Парранский улыбнулся и, уловив заинтересованность спутника, спросил его:
— Вы не расположены последовать их примеру?
— Нет.
— Я не люблю односложных ответов, молодой человек, — несколько обиженно заметил Парранский. — Поезд объединяет на короткий срок случайных людей и так же быстро и навсегда их разъединяет. Человек сошел с поезда — и канул в бездну. Больше никогда вы его не увидите, никогда... Странно и отрадно. В поезде можно быть откровенным. Вспомните, вы о чем думали, когда сидели у окна и смотрели на терриконы? Я заметил на вашем лице следы грусти. Мне это понравилось. Наша молодежь мало грустит, она скачет, поет, бодрится. Итак, о чем вы думали?
— Я думал о Наивной, — просто ответил Бурлаков, покоренный искренним тоном своего попутчика. — Наивная — это всего-навсего лошадь. Я сам обучал ее, объезживал, научил многому и потом расстался с ней... Увольняясь, мы, кавалеристы, по традиции едем на станцию железной дороги на конях. Если много уходящих из армии, дают оркестр. Мало — ограничиваемся товарищами и своими командирами. Наивная провожала меня. Ржала. Мы это называем — плакала... Вот о чем я думал. О том, что я больше никогда не увижу Наивную.
Парранский задумался. Веки его опустились и чуть-чуть вздрагивали при толчках вагона. За окнами по-прежнему бежала равнина. Кажется, это среднерусская земля. Бурлаков заметил: губы у Парранского свежие, молодые и сложены, как у раздосадованных капризных детей. Вот у сестренки Марфиньки так же надуваются губы, когда ее рассердишь. Лицо Парранского в пятнах, как у человека, кожа которого не поддается загару. Руки в запястье крепкие, пальцы тоже сильные, короткие. Рабочие пальцы. Ступня ноги, обтянутая пестрым, явно заморским носком, маленькая, будто у женщины. Мужчины с такими физическими качествами всегда вызывали у Бурлакова чувство пренебрежения и жалости. Когда Арапчи разносил его за какую-нибудь чепуховую провинность, Бурлаков нарочито вытягивался перед ним во весь рост, и это бесило старшину школы. Но возникший в памяти смуглый неистовый Арапчи исчез так же быстро, как и появился. Бурлаков смотрел на высокий лоб Парранского, на его подвижное умное лицо.

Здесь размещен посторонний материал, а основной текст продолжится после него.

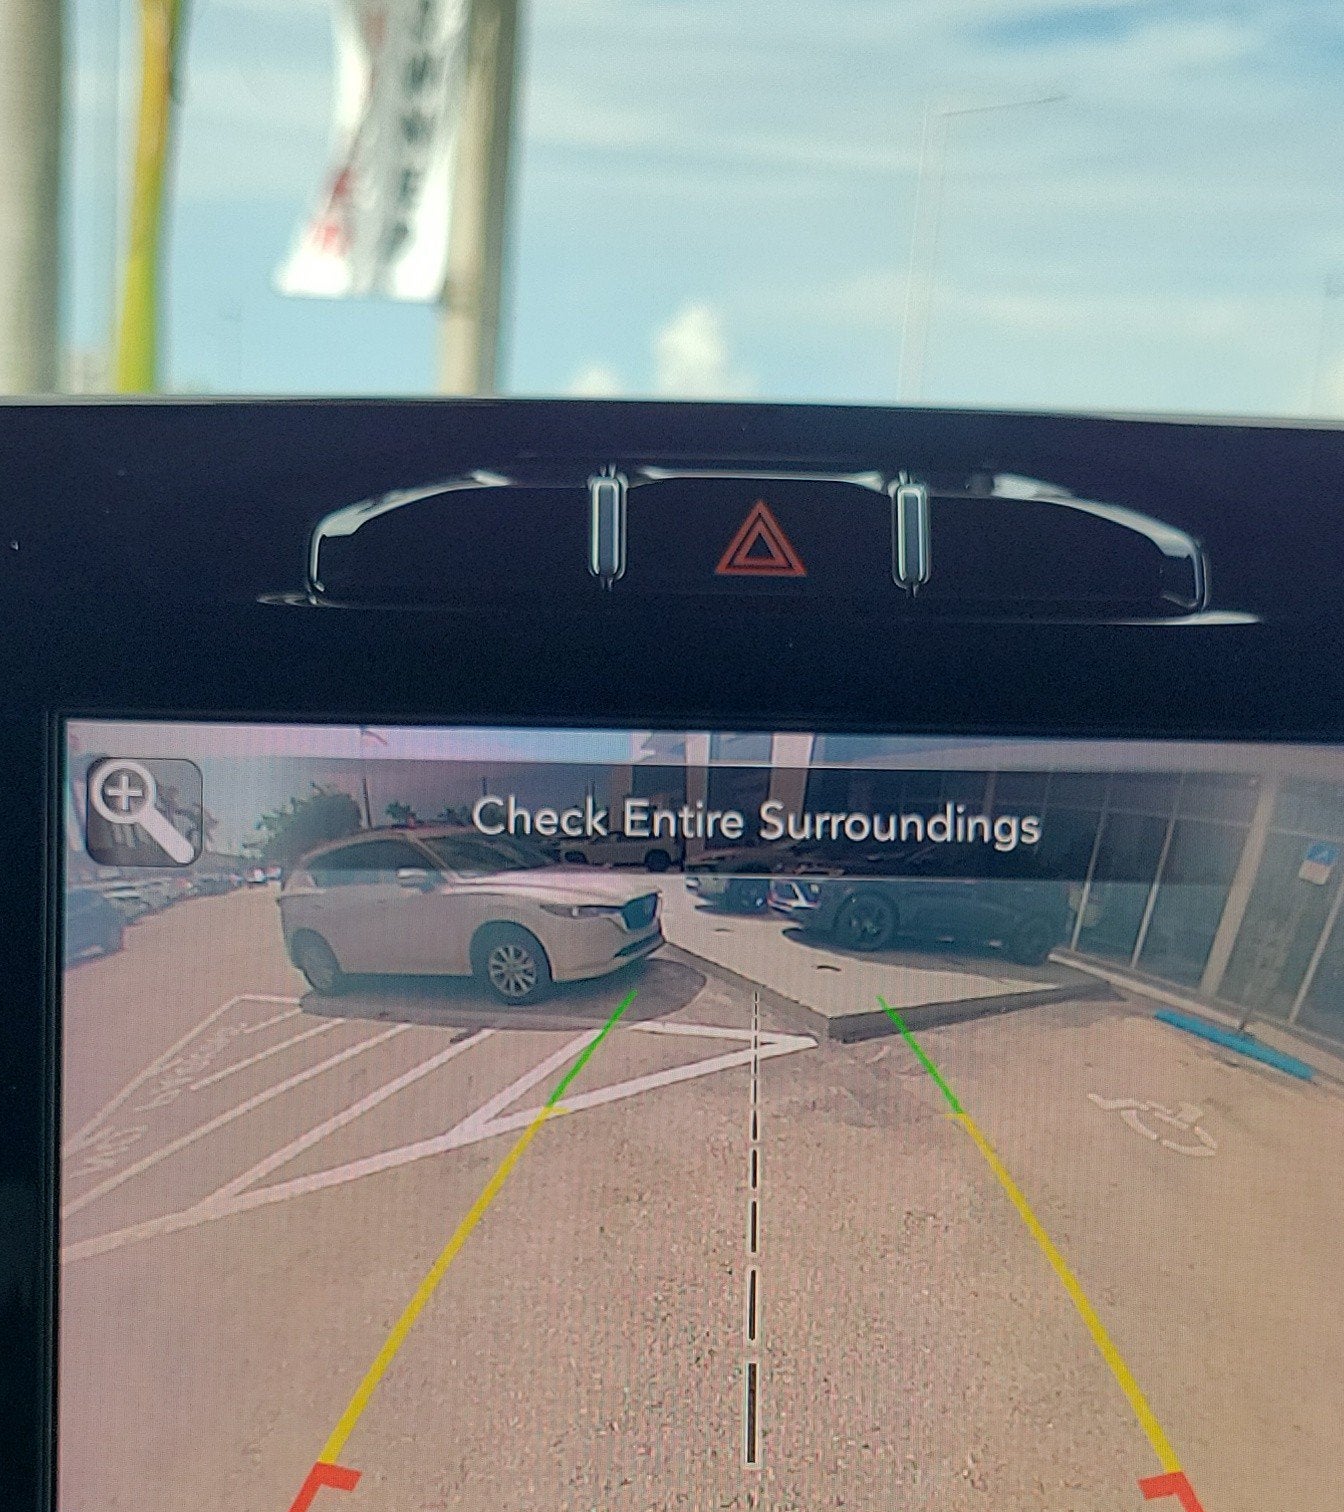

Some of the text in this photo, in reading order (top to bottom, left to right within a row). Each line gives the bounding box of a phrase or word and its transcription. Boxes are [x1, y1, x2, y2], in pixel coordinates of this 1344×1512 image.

[471, 795, 1042, 852] Check Entire Surroundings
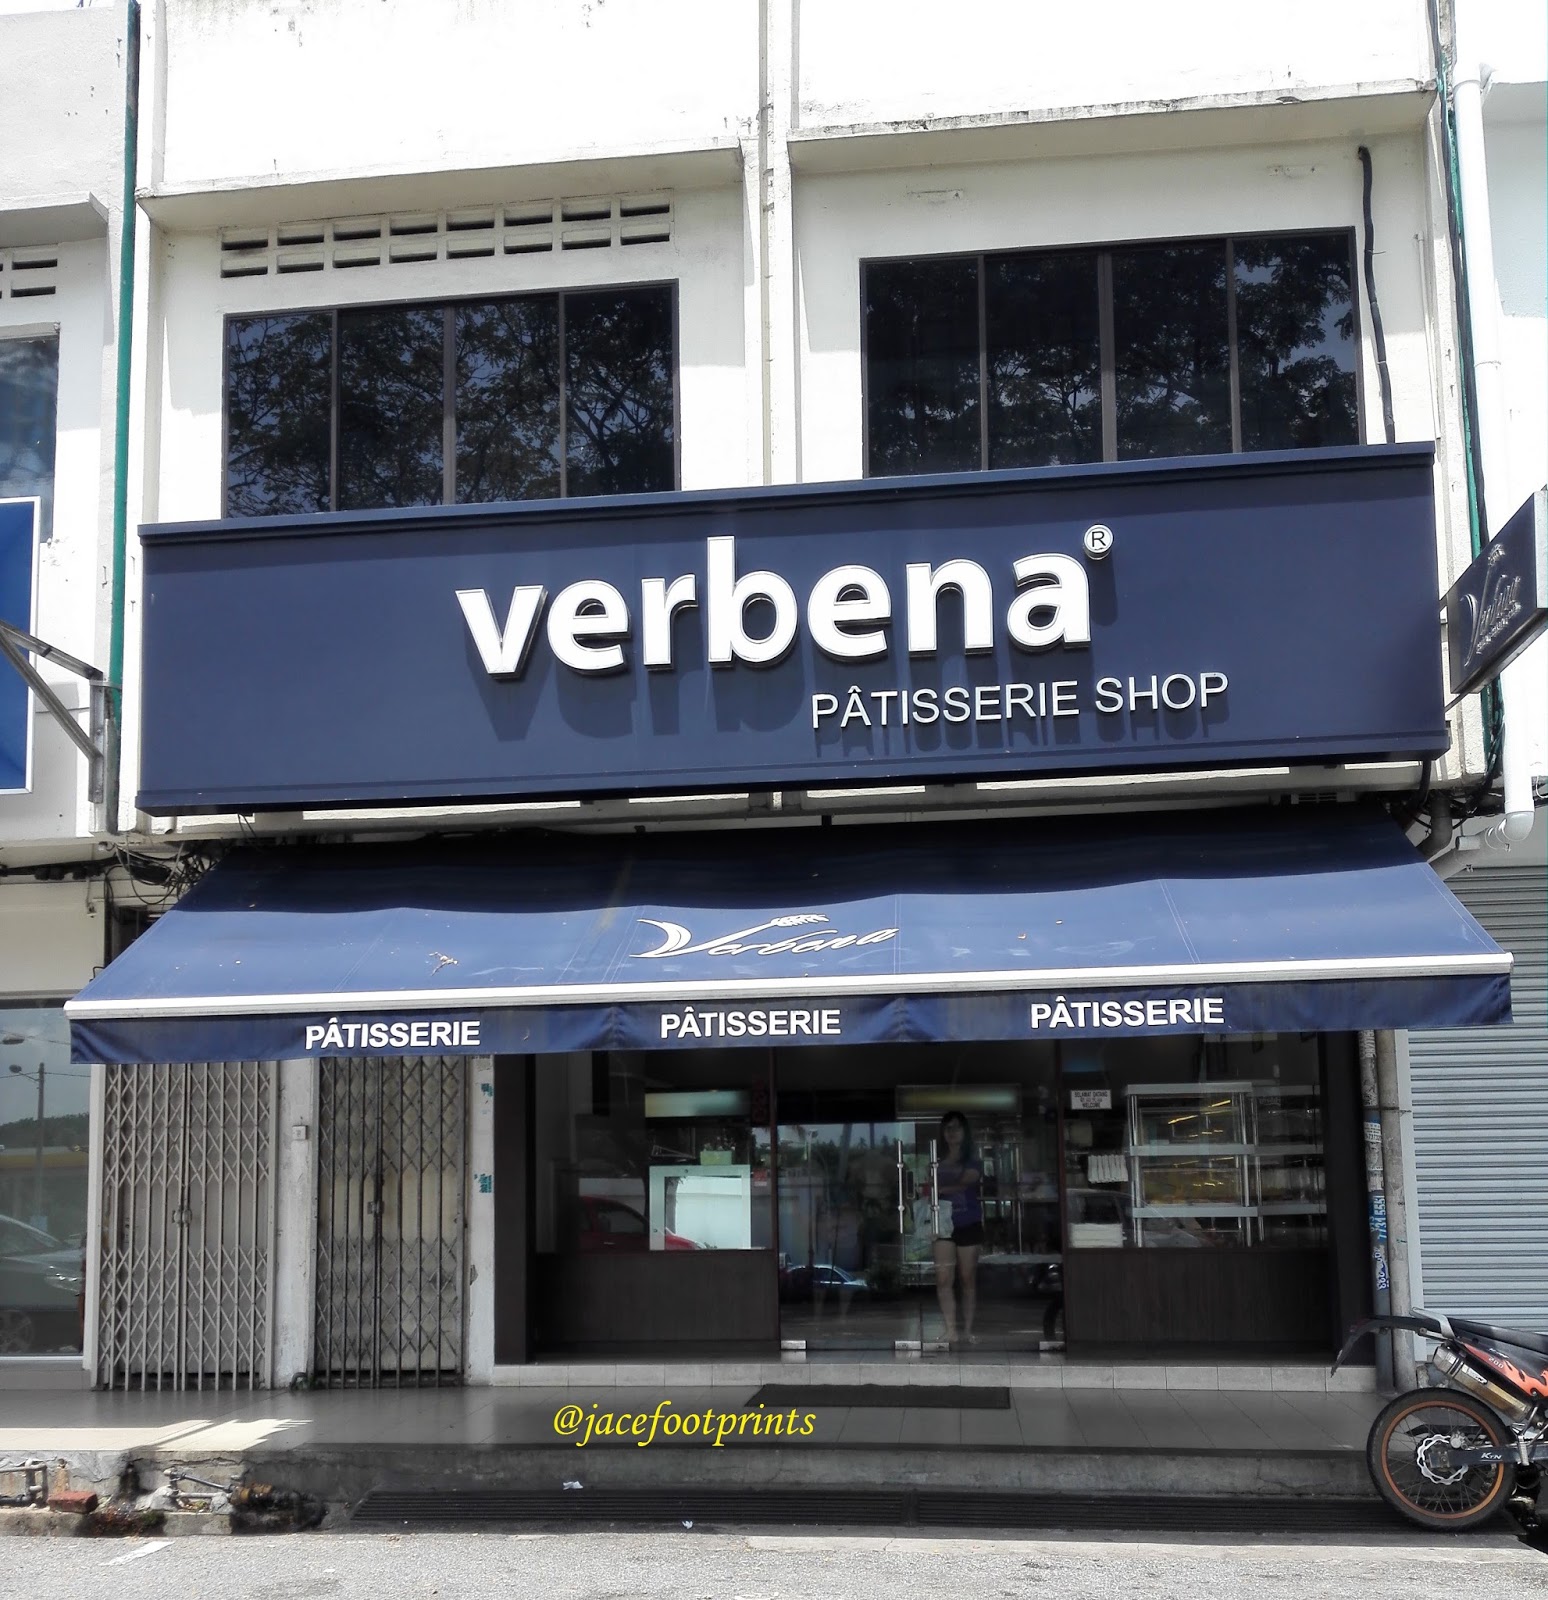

Пожалуй, стоило рассказать ему о Наивной, о ее первом появлении во дворе дивизии, о том, какая она была недоверчивая, опасная. Видно, Жора Квасов действительно получил тогда от нее крепкий удар, если уж взялся за бич. Потом впервые за службу побрел в презренный околоток.
— ...когда я к ней подошел, она дрожала всем телом. Под кожей вспухли рубцы. Увидев меня, она натянула чумбур и скосила глаза. У лошадей бывают такие глаза: в них ненависть, обида или оскорбленность. Лошадь — чуткое животное и многое понимает инстинктом. Если человека можно обмануть, ее нельзя. И, кроме того, лошади, как и все животные, любят ласку, ценят человеческое к ним отношение...
— Простите. — Парранский предупредительно наклонился. — Вы, очевидно, получили образование? Из какой вы семьи?
— Образование? — Бурлаков сразу нахмурился, будто вопрос был ему неприятен, и в упор взглянул на своего попутчика.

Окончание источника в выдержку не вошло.